WHAT TO PRODUCE: Retype all of the listing exactly, passing over any picture you find.

PROVIDED DATA:
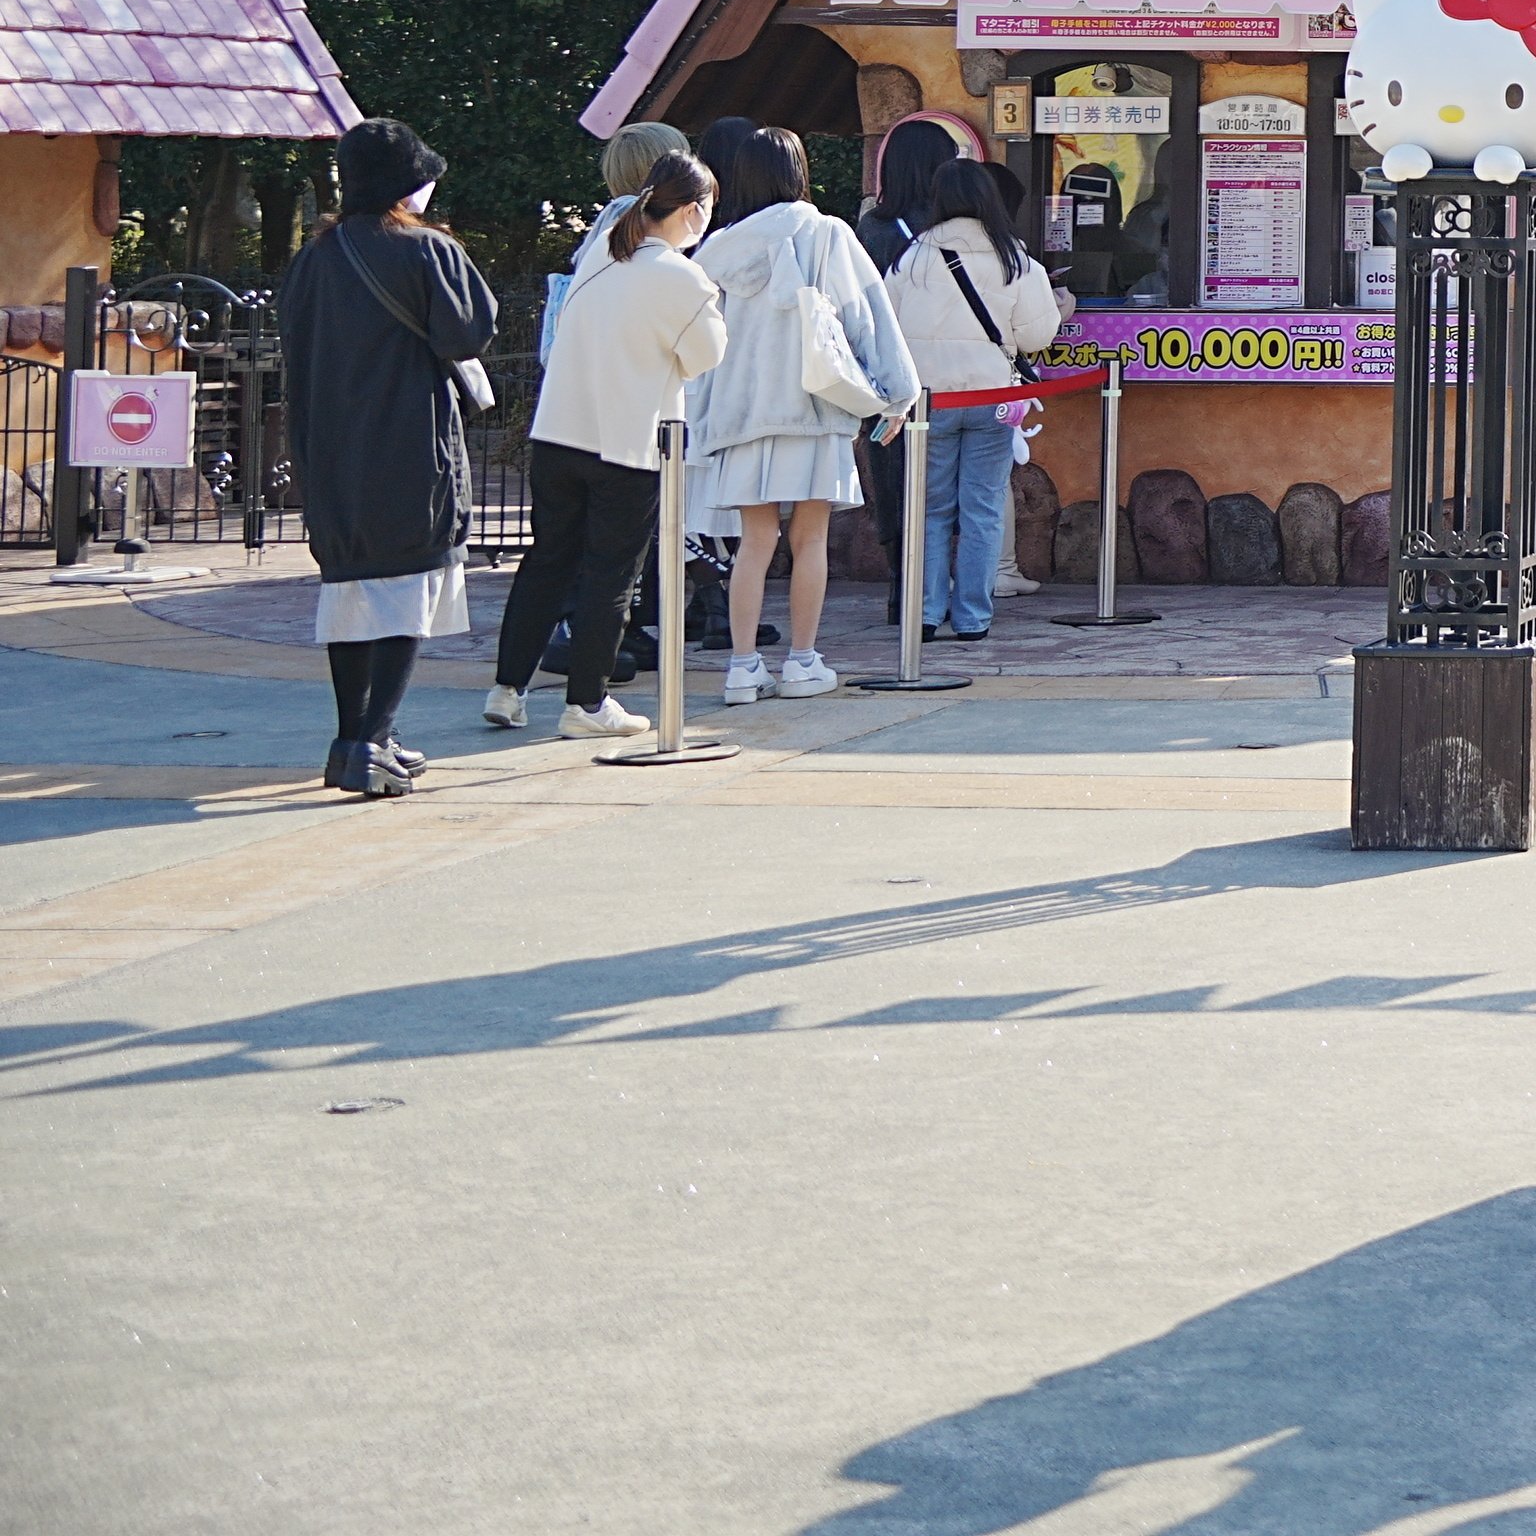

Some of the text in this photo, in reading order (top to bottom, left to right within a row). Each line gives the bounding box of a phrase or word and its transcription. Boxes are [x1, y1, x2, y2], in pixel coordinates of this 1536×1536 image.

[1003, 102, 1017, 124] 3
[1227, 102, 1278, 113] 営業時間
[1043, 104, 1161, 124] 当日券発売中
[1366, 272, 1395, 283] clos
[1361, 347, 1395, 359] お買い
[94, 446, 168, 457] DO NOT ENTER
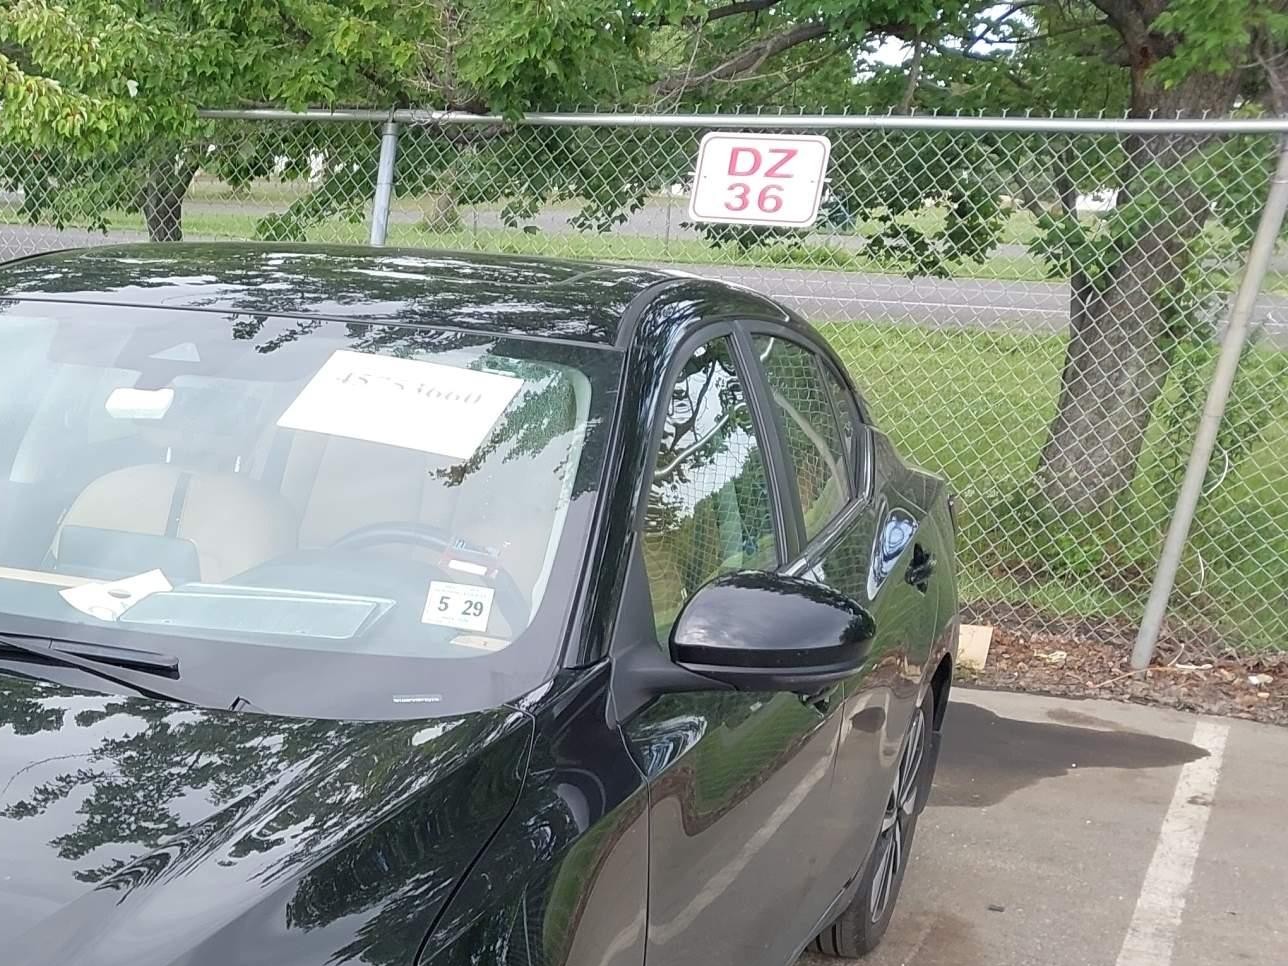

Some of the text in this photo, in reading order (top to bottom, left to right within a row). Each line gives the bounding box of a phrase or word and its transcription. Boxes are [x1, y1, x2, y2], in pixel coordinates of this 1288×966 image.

WRITTEN ANSWER:
Some of the text in this photo, in reading order (top to bottom, left to right within a row). Each line gives the bounding box of a phrase or word and its transcription. Boxes are [x1, y1, x2, y2], in pixel coordinates of this 1536×1536 image.

[1003, 102, 1017, 124] 3
[1227, 102, 1278, 113] 営業時間
[1043, 104, 1161, 124] 当日券発売中
[1366, 272, 1395, 283] clos
[1361, 347, 1395, 359] お買い
[94, 446, 168, 457] DO NOT ENTER

Some of the text in this photo, in reading order (top to bottom, left to right within a row). Each line gives the bounding box of a phrase or word and its transcription. Boxes are [x1, y1, x2, y2], in pixel coordinates of this 1288×966 image.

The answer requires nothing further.